En la actualidad, las aves forman la familia más común entre la fauna del río: por encima de los cultivos, se pueden ver bandadas de garzas en busca de insectos y pequeños roedores; en los cañaverales de las orillas, abunda el calamón común (Porphyrio porphyrio), al igual que la curruca de Rüppell (Sylvia ruppeli) y el alción, un martín pescador de gran tamaño que captura sus presas cayendo en picado sobre los canales. Entre las aves rapaces que habitan el valle del Nilo, destaca el elanio común (Elanus caeruleus) —un pequeño halcón de plumaje blanco que se deja ver entre los tupidos palmerales—, el cernícalo y el milano negro (Milvus migrans). En los altos de las casas, suele anidar la golondrina, que en su variedad egipcia (Hirundo rustica savignii) tiene el pecho y el vientre de un característico color rojo ladrillo. La abubilla rayada (Upupa epops major), representada a menudo en los jeroglíficos, es asimismo una especie ligada al valle, mientras que entre los cultivos resulta muy familiar el canto aflautado que emite el bulbul naranjero (Pycnonotus barbatus).
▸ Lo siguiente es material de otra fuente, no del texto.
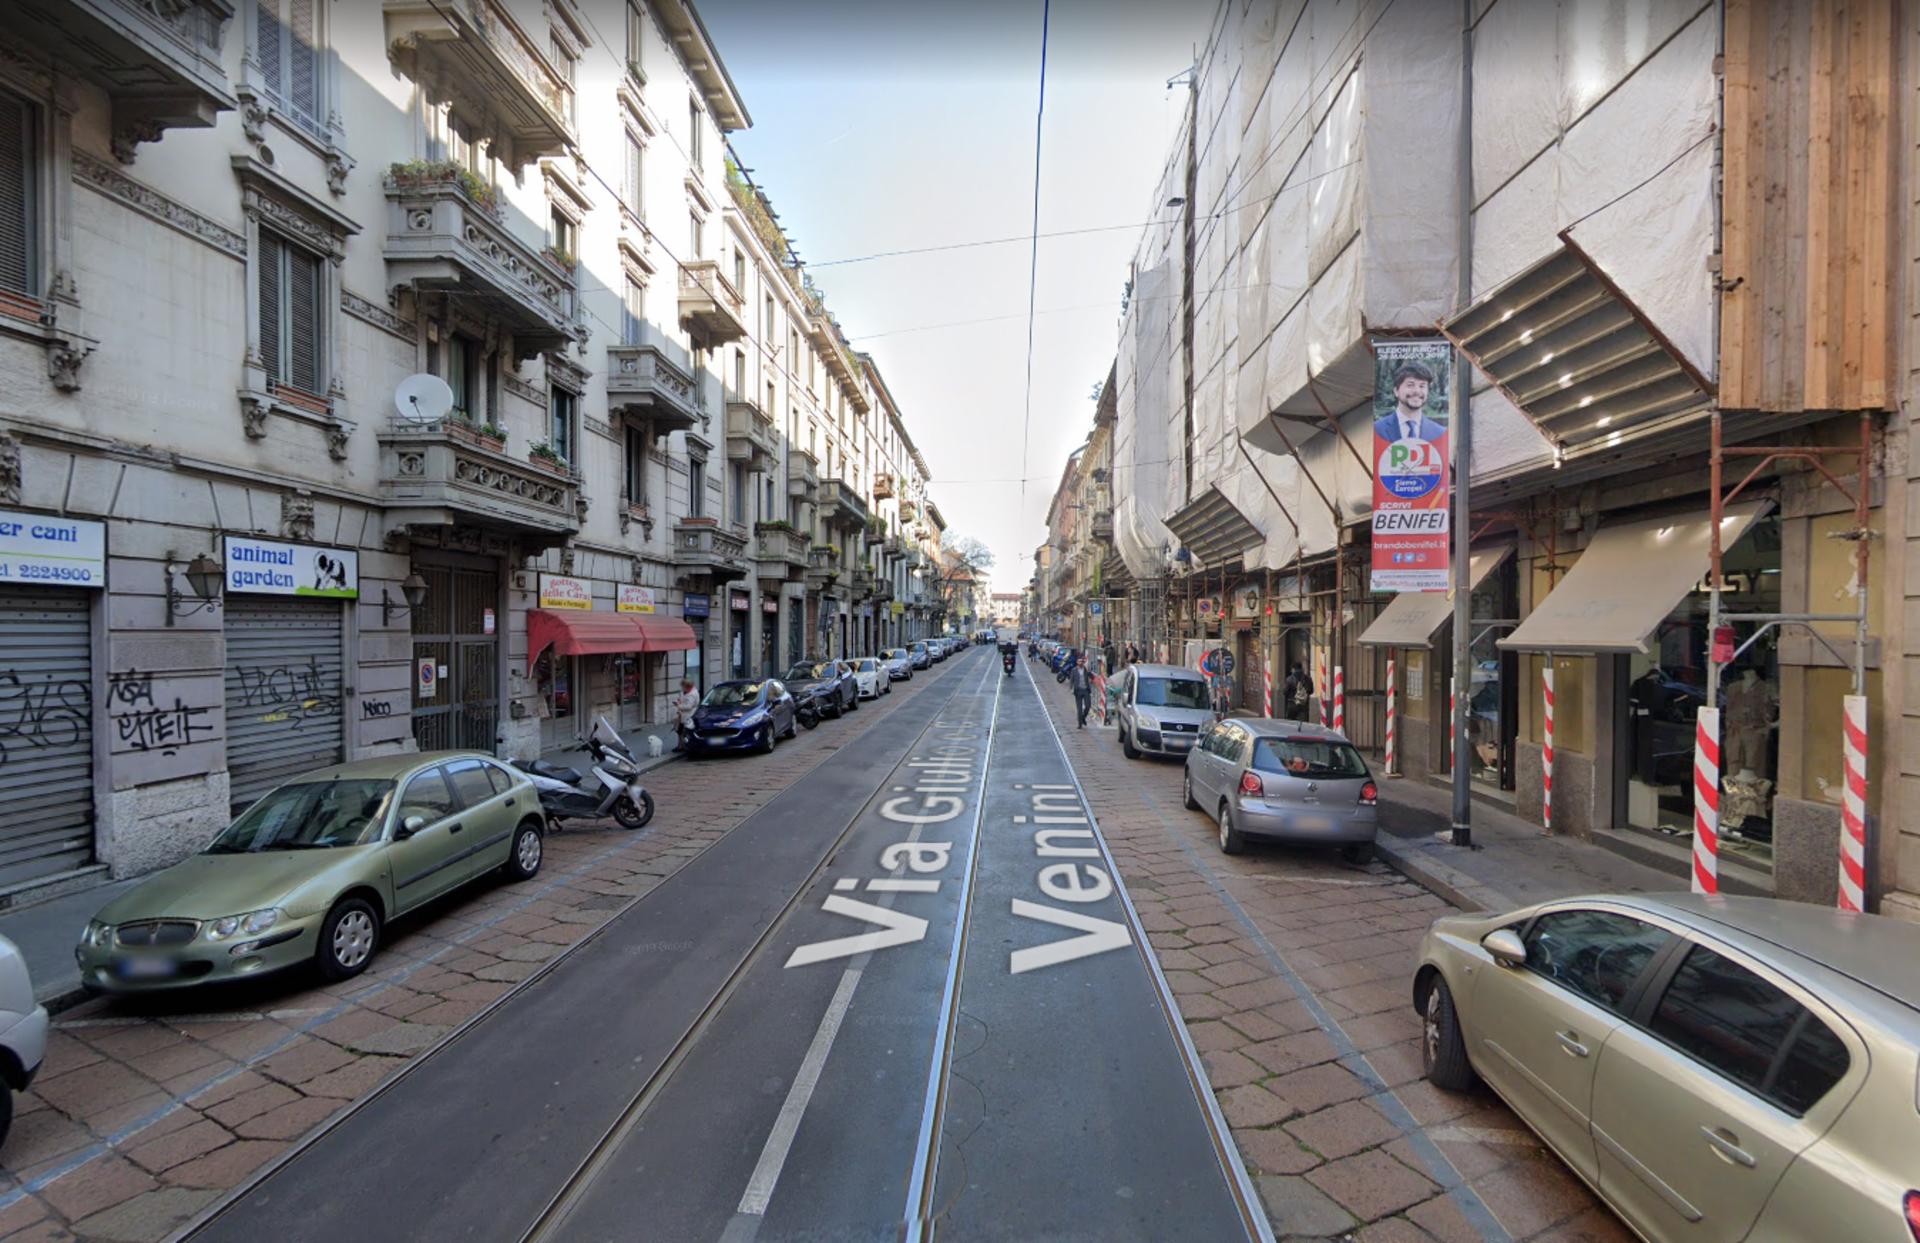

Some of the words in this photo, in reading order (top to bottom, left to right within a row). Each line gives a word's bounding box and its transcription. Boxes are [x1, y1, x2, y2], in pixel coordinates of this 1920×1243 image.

El valle del Nilo no destaca por su riqueza en mamíferos. De hecho, y al margen de los domésticos, solo abundan los pequeños roedores en los embarcaderos de las orillas. Los reptiles aparecen representados por la temible cobra egipcia o áspid de Cleopatra (Naja haje) y por el varano del Nilo, un gran lagarto que habita en las orillas. Entre los peces, la perca del Nilo ha sufrido un descenso importante a causa de la contaminación de las aguas. Pero la tilapia sigue siendo abundante, sobre todo en el lago Nasser, al igual que el pez gato, que prolifera en los fondos cenagosos del río.